Increased grassland productivity in temperate regions has largely been achieved through perennial ryegrass Lolium perenne (PRG), coupled with large quantities of nitrogen fertiliser. However, concern is growing regarding the negative implications of excessive dependence on nitrogen fertilisers. Research has demonstrated the benefits of legume inclusion on primary productivity, however, their potential to influence other processes is less well established.

Sampling was undertaken in autumn 2017 on twenty randomised plots representing five sward types, replicated four times. These had been established and managed by cutting since 2013. Sward types included: 1) PRG (250kg N ha-1 yr-1 ); 2) PRG; 3) PRG and white clover Trifolium repens; 4) 6 species mix comprised of PRG, timothy Phleum pratense, cocksfoot Dactylis glomerata, white clover, red clover Trifolium pratensis and greater birdsfoot trefoil Lotus pedunculatus; 5) species included in mix 4 with the addition of ribwort plantain Plantago lanceolate, chicory Cichorium intybus and yarrow Achillea millefolium. Mixes 2-5 inclusive received 90kg N ha-1 yr-1 . Measurements included: soil bulk density, water infiltration rates, and estimated earthworm activity via surface cast counts.

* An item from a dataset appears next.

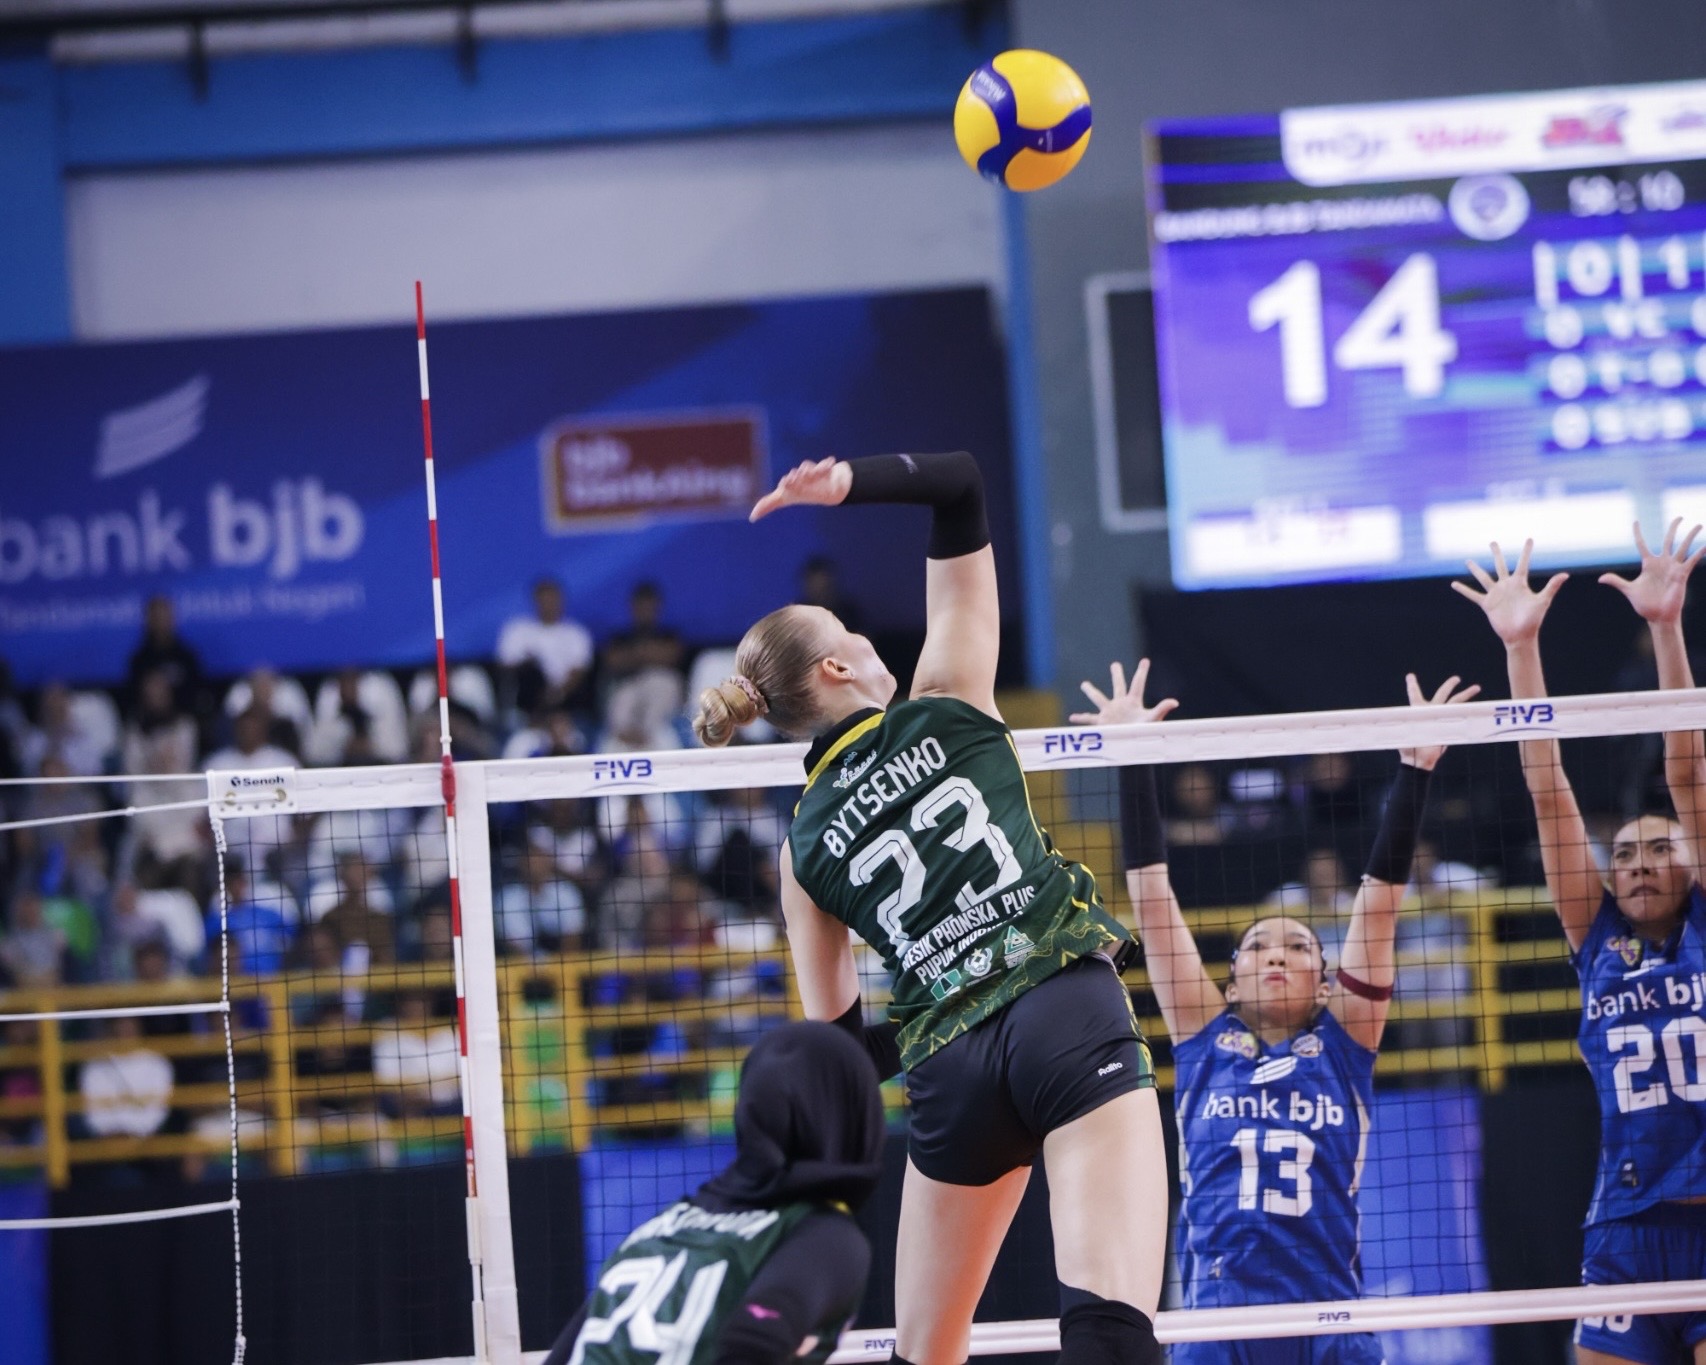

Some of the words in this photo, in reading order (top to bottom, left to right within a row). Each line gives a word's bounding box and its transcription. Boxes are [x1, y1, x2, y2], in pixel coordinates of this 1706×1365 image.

Soil bulk density did not differ in response to sward type. However, highest infiltration rates were recorded within the PRG and white clover swards, with an average of 29.7 (±3.5) mm hr-1 , while lowest rates were recorded from the two PRG monocultures (2.43 (±0.5) and 4.2 (±1.2) mm hr⁻¹ for the 90 and 250 kg N ha-1 yr-1 swards respectively). Surface cast numbers differed significantly between sward types (P< 0.001). Numbers ranged from 127 (±7) casts m⁻² for PRG & white clover, to 48 (±5) casts m⁻² for the PRG monocultures.

Our findings indicate the importance of legume inclusion within agricultural grasslands managed under reduced nitrogen fertiliser inputs for wider ecosystem service provision.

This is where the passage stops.